> How to complete this task: When you transcribe the entries below, keep the wording exact and omit the pictures.

--------

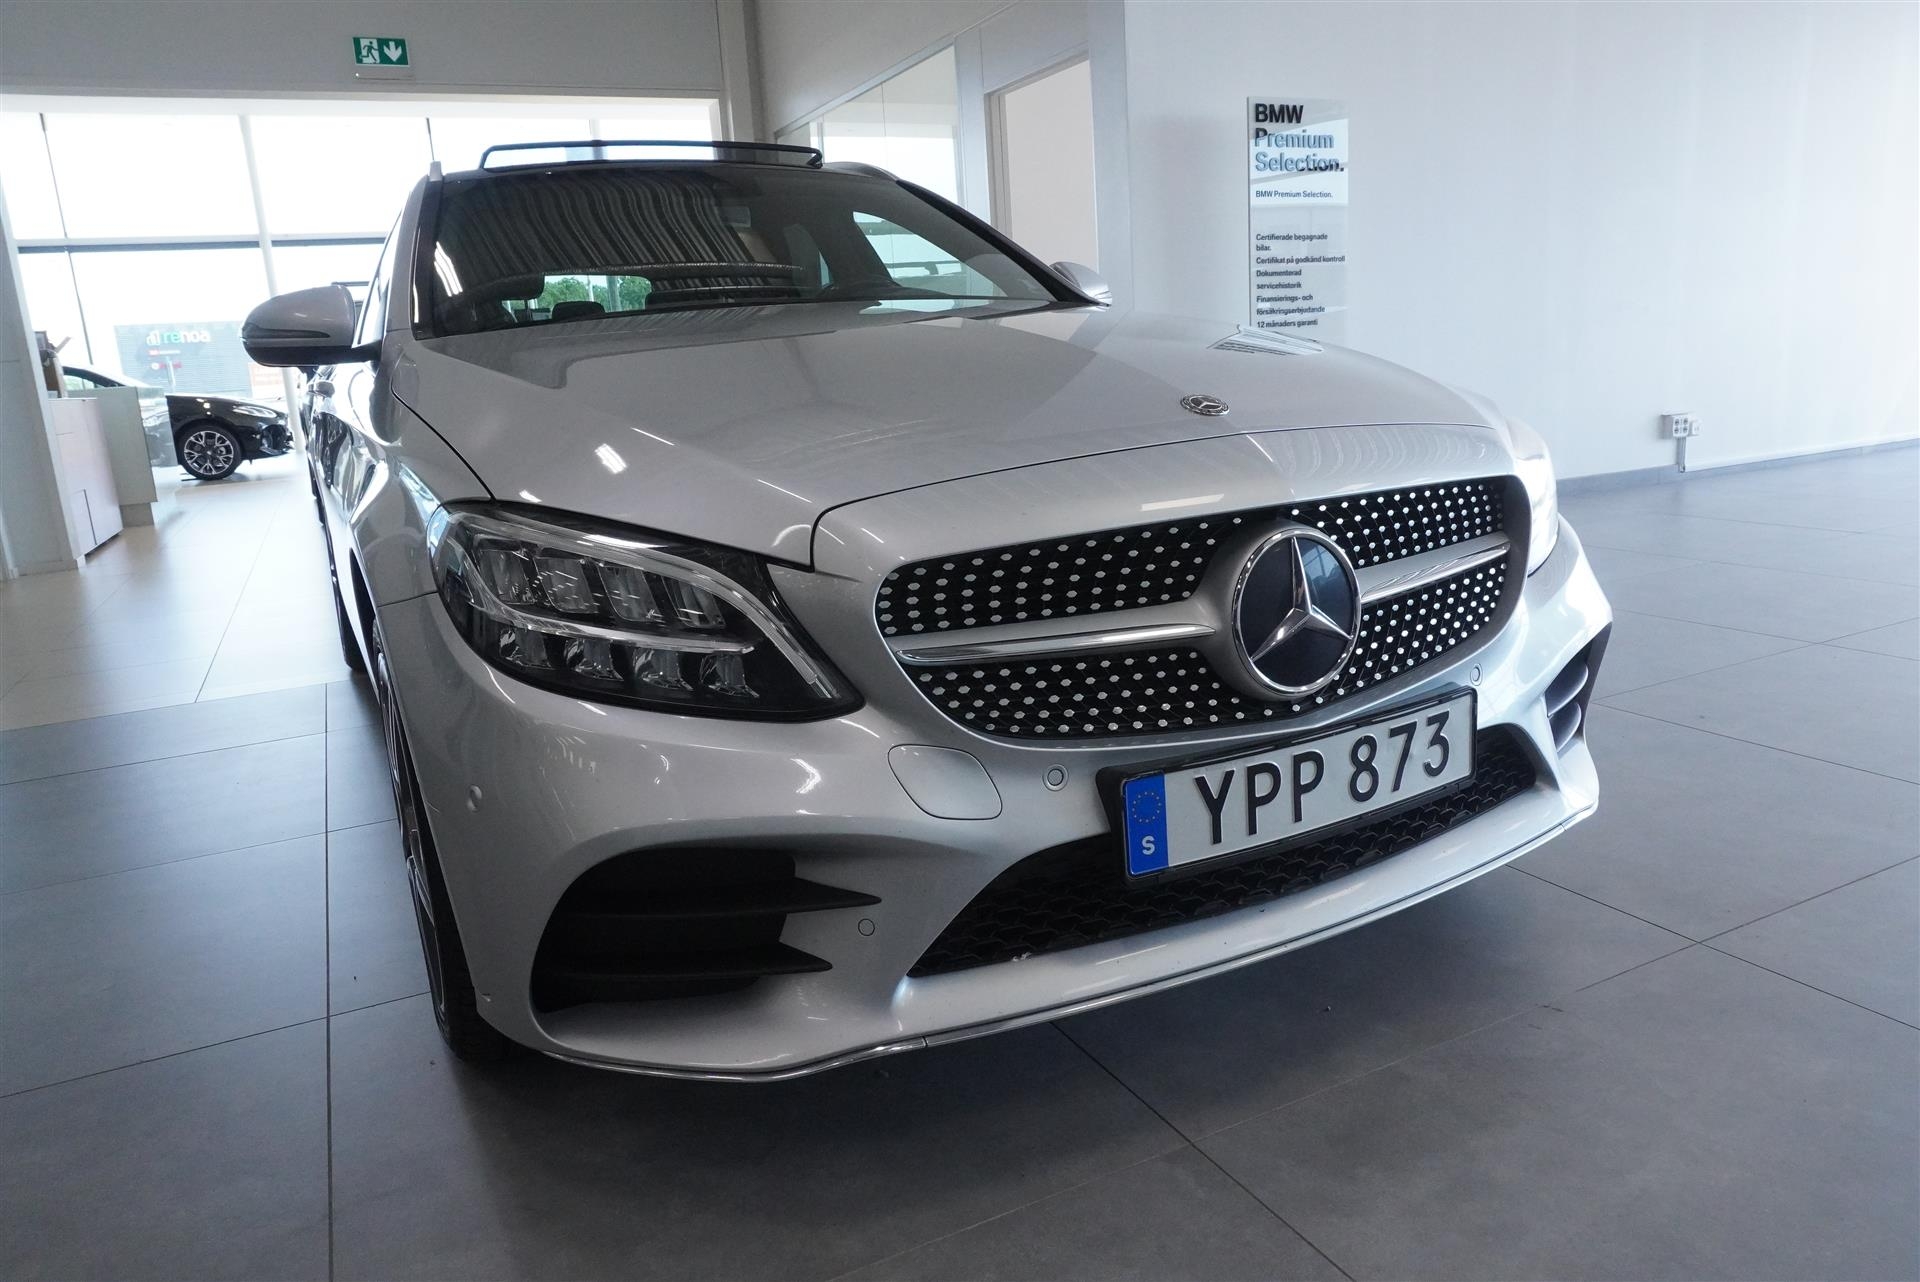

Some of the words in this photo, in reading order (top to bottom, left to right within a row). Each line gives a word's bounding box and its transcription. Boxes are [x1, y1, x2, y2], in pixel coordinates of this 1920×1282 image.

[1255, 103, 1304, 124] BMW
[1254, 127, 1334, 149] Premium
[1255, 151, 1345, 172] Selection.
[1255, 190, 1273, 198] BMW
[1274, 190, 1302, 198] Premium
[1303, 190, 1333, 198] Selection.
[1256, 233, 1293, 241] Certifierade
[1294, 233, 1328, 242] begagnade
[1256, 244, 1272, 252] bilar.
[1256, 257, 1285, 265] Certifikat
[1286, 256, 1294, 265] på
[1295, 256, 1322, 265] godkänd
[1322, 255, 1345, 263] kontroll
[1256, 269, 1302, 277] Dokumenterad
[1256, 281, 1302, 289] servicehistorik
[1256, 295, 1301, 303] Finansierings-
[1257, 321, 1265, 329] 12
[1265, 320, 1296, 329] månaders
[1297, 319, 1318, 328] garanti
[1194, 750, 1325, 845] YPP
[1348, 710, 1451, 802] 873
[1141, 834, 1156, 856] S
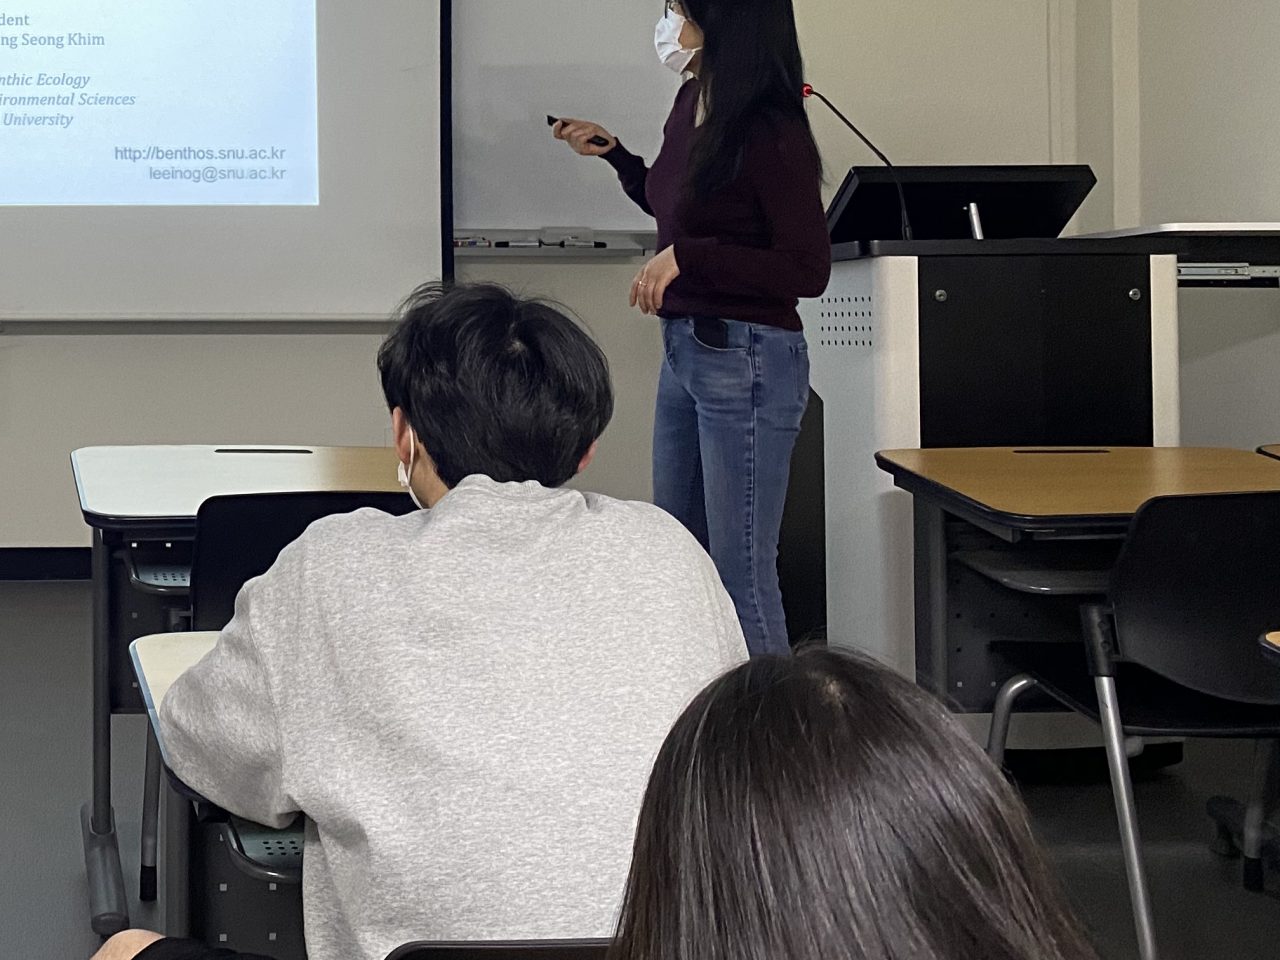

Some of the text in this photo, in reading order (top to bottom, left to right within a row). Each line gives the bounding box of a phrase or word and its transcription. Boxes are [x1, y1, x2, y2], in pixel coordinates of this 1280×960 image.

[22, 34, 64, 50] Seong
[67, 33, 105, 47] Khim
[36, 73, 91, 90] Ecology
[78, 93, 136, 107] Sciences
[3, 113, 74, 130] University
[114, 145, 286, 163] http://benthos.snu.ac.kr

--------

> Your solution:
Some of the words in this photo, in reading order (top to bottom, left to right within a row). Each line gives a word's bounding box and its transcription. Boxes are [x1, y1, x2, y2], in pixel coordinates of this 1920×1282 image.

[1255, 103, 1304, 124] BMW
[1254, 127, 1334, 149] Premium
[1255, 151, 1345, 172] Selection.
[1255, 190, 1273, 198] BMW
[1274, 190, 1302, 198] Premium
[1303, 190, 1333, 198] Selection.
[1256, 233, 1293, 241] Certifierade
[1294, 233, 1328, 242] begagnade
[1256, 244, 1272, 252] bilar.
[1256, 257, 1285, 265] Certifikat
[1286, 256, 1294, 265] på
[1295, 256, 1322, 265] godkänd
[1322, 255, 1345, 263] kontroll
[1256, 269, 1302, 277] Dokumenterad
[1256, 281, 1302, 289] servicehistorik
[1256, 295, 1301, 303] Finansierings-
[1257, 321, 1265, 329] 12
[1265, 320, 1296, 329] månaders
[1297, 319, 1318, 328] garanti
[1194, 750, 1325, 845] YPP
[1348, 710, 1451, 802] 873
[1141, 834, 1156, 856] S

Some of the text in this photo, in reading order (top to bottom, left to right within a row). Each line gives the bounding box of a phrase or word and its transcription. Boxes are [x1, y1, x2, y2], in pixel coordinates of this 1280×960 image.

[22, 34, 64, 50] Seong
[67, 33, 105, 47] Khim
[36, 73, 91, 90] Ecology
[78, 93, 136, 107] Sciences
[3, 113, 74, 130] University
[114, 145, 286, 163] http://benthos.snu.ac.kr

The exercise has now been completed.